Stored items from a collection
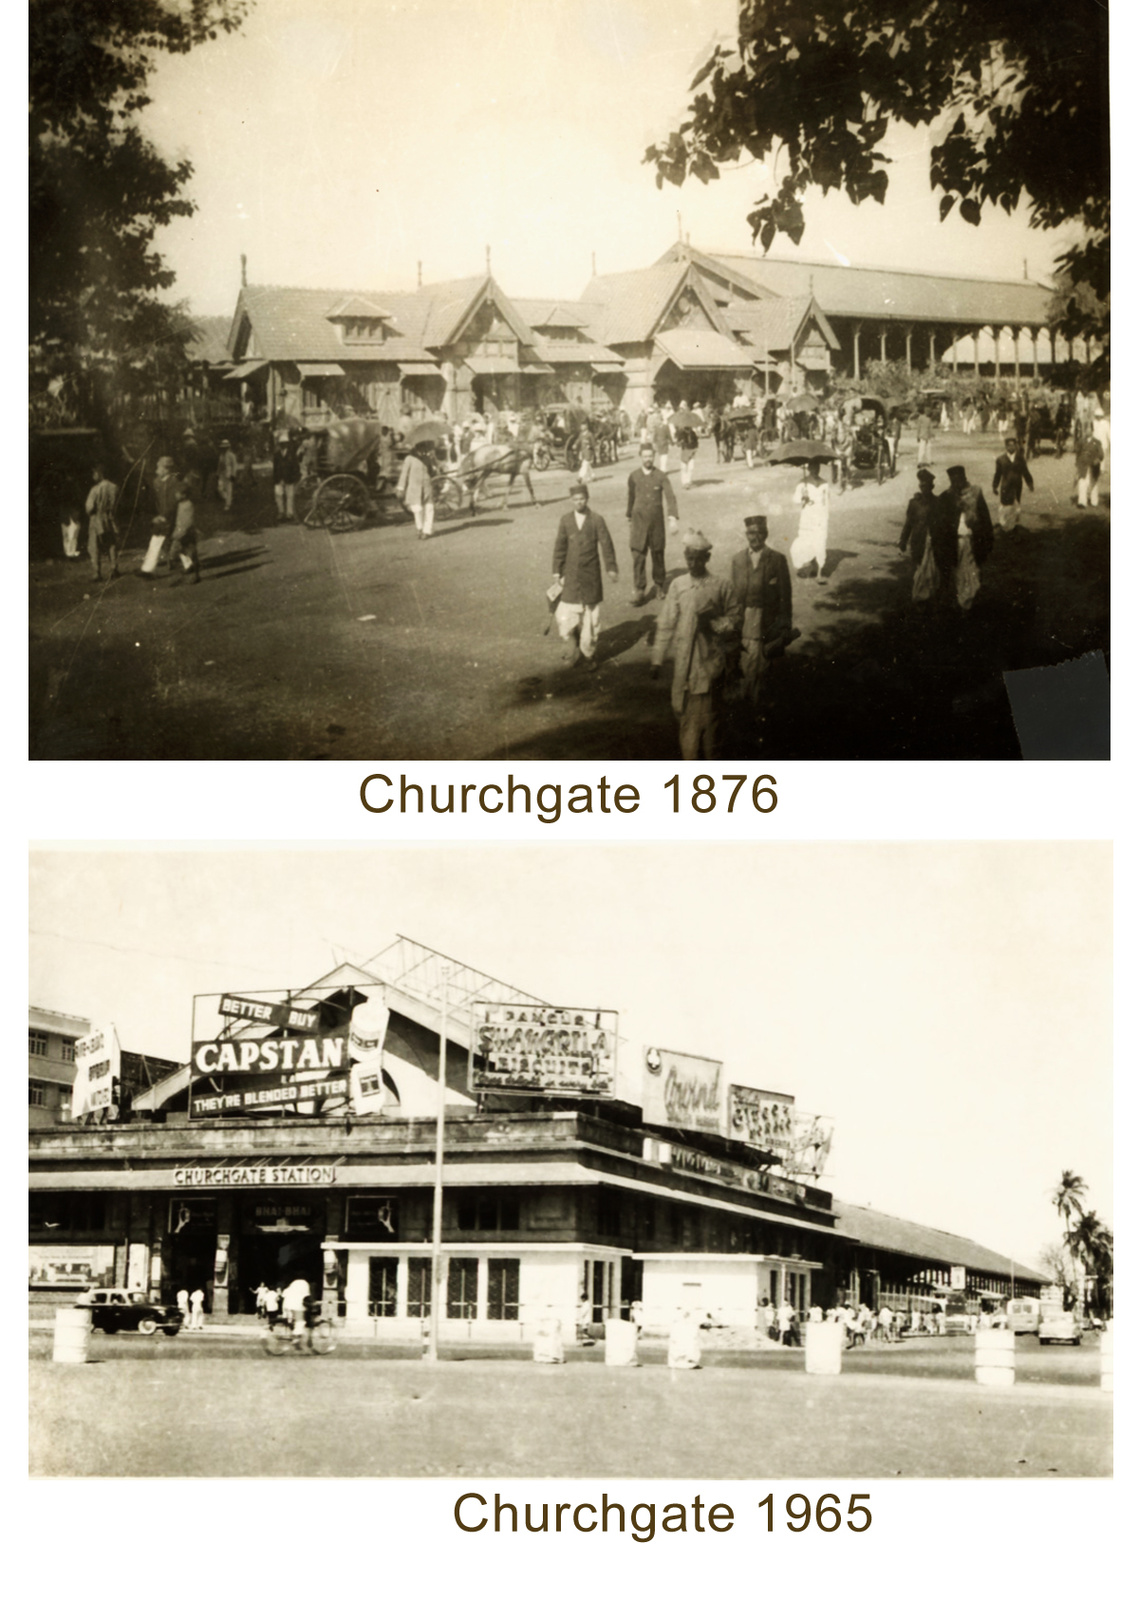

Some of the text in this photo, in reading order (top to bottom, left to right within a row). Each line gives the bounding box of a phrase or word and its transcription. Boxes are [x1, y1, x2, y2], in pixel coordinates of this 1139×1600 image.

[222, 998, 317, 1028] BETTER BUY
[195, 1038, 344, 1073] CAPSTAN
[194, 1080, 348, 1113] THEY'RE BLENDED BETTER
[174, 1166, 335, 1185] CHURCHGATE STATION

## TASK
When repeating the entries, leave out every picture and keep the rest exact.

## TASK RESPONSE
Some of the text in this photo, in reading order (top to bottom, left to right within a row). Each line gives the bounding box of a phrase or word and its transcription. Boxes are [x1, y1, x2, y2], in pixel coordinates of this 1139×1600 image.

[222, 998, 317, 1028] BETTER BUY
[195, 1038, 344, 1073] CAPSTAN
[194, 1080, 348, 1113] THEY'RE BLENDED BETTER
[174, 1166, 335, 1185] CHURCHGATE STATION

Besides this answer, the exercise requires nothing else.